- **TASK INSTRUCTIONS**
Reproduce every record below exactly as written, leaving out any pictures.

(Records drawn from a dataset)

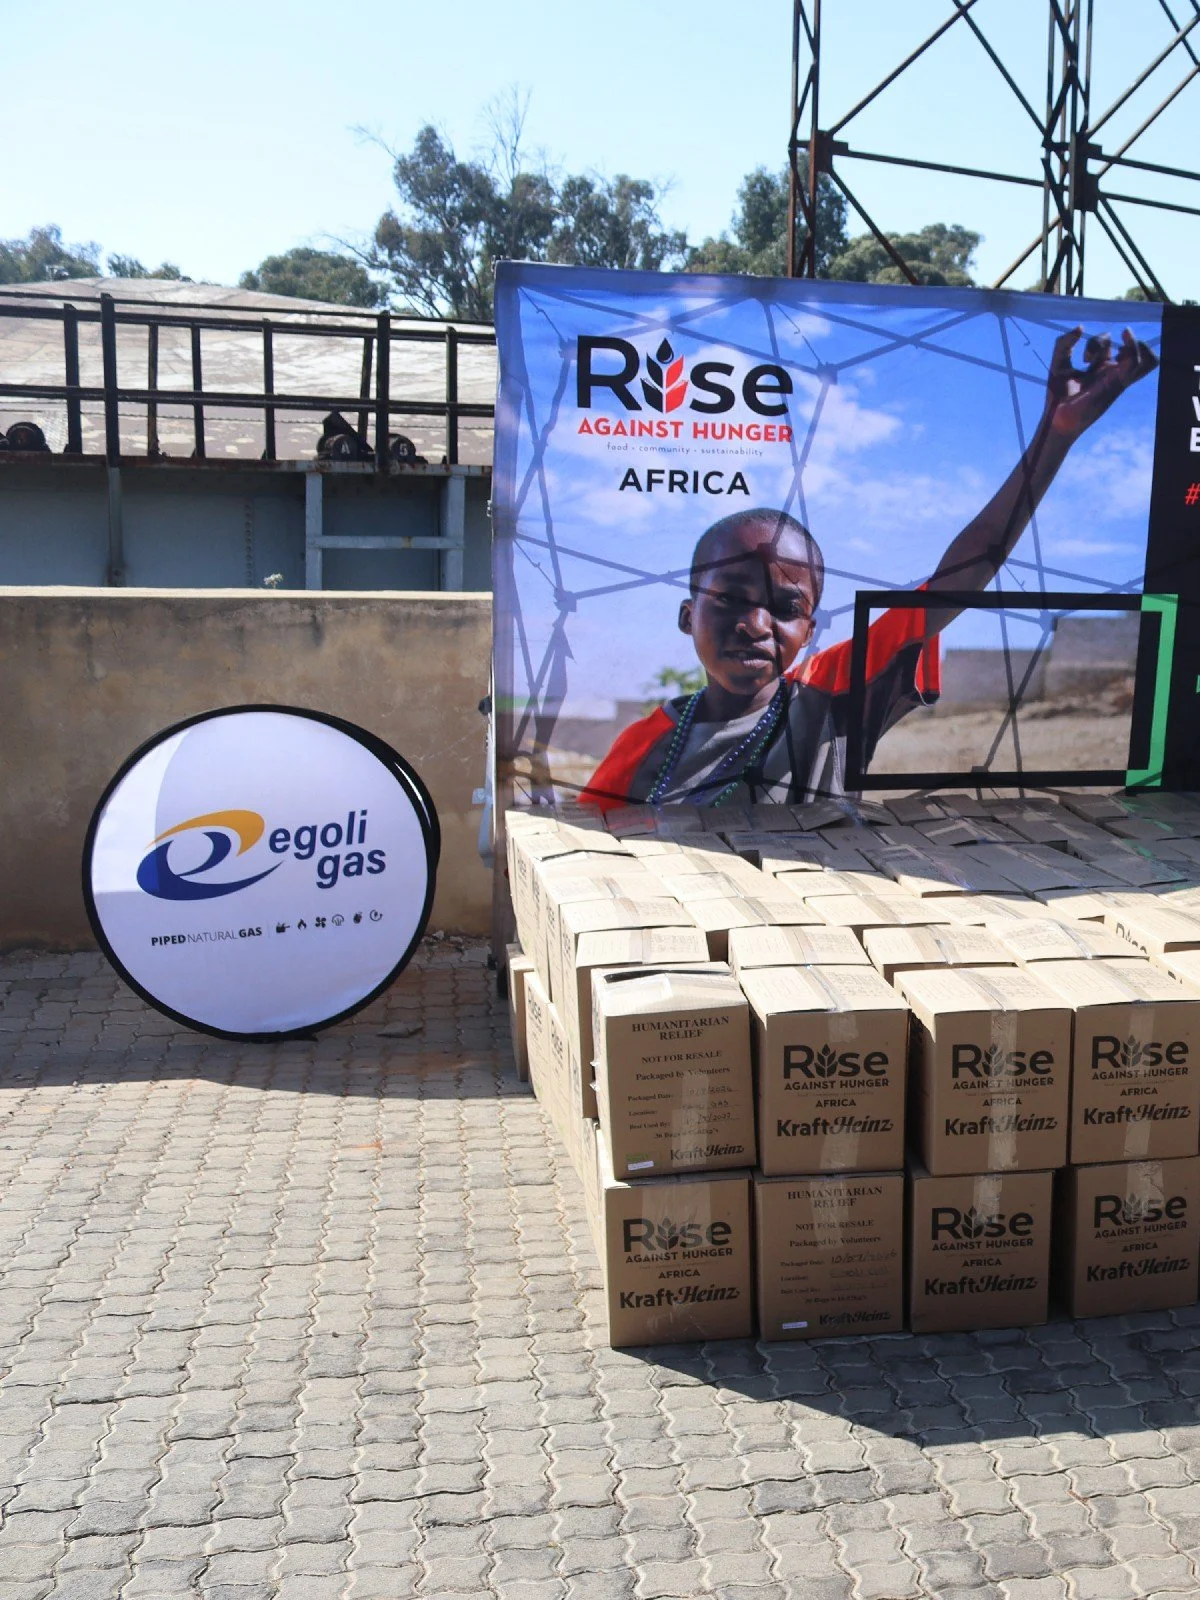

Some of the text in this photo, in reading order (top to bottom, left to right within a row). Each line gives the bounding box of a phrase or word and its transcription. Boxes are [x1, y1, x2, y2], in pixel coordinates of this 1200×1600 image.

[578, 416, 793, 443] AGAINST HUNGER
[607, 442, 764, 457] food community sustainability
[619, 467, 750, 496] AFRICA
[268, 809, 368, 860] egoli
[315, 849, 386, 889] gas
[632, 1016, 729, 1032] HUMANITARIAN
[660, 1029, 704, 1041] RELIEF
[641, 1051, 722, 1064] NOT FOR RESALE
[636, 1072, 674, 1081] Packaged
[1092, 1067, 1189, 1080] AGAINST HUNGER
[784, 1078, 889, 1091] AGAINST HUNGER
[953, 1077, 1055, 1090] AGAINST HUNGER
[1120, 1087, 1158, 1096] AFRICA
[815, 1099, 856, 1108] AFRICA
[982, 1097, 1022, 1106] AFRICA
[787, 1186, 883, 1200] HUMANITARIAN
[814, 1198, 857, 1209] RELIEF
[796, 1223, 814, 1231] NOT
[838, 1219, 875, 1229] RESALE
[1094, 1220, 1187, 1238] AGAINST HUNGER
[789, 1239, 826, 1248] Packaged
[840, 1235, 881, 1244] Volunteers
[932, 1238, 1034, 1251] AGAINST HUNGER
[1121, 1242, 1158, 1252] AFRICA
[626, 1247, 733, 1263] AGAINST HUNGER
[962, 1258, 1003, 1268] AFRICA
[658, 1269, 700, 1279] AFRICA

- **EXERCISE RESULT**
Some of the text in this photo, in reading order (top to bottom, left to right within a row). Each line gives the bounding box of a phrase or word and its transcription. Boxes are [x1, y1, x2, y2], in pixel coordinates of this 1200×1600 image.

[578, 416, 793, 443] AGAINST HUNGER
[607, 442, 764, 457] food community sustainability
[619, 467, 750, 496] AFRICA
[268, 809, 368, 860] egoli
[315, 849, 386, 889] gas
[632, 1016, 729, 1032] HUMANITARIAN
[660, 1029, 704, 1041] RELIEF
[641, 1051, 722, 1064] NOT FOR RESALE
[636, 1072, 674, 1081] Packaged
[1092, 1067, 1189, 1080] AGAINST HUNGER
[784, 1078, 889, 1091] AGAINST HUNGER
[953, 1077, 1055, 1090] AGAINST HUNGER
[1120, 1087, 1158, 1096] AFRICA
[815, 1099, 856, 1108] AFRICA
[982, 1097, 1022, 1106] AFRICA
[787, 1186, 883, 1200] HUMANITARIAN
[814, 1198, 857, 1209] RELIEF
[796, 1223, 814, 1231] NOT
[838, 1219, 875, 1229] RESALE
[1094, 1220, 1187, 1238] AGAINST HUNGER
[789, 1239, 826, 1248] Packaged
[840, 1235, 881, 1244] Volunteers
[932, 1238, 1034, 1251] AGAINST HUNGER
[1121, 1242, 1158, 1252] AFRICA
[626, 1247, 733, 1263] AGAINST HUNGER
[962, 1258, 1003, 1268] AFRICA
[658, 1269, 700, 1279] AFRICA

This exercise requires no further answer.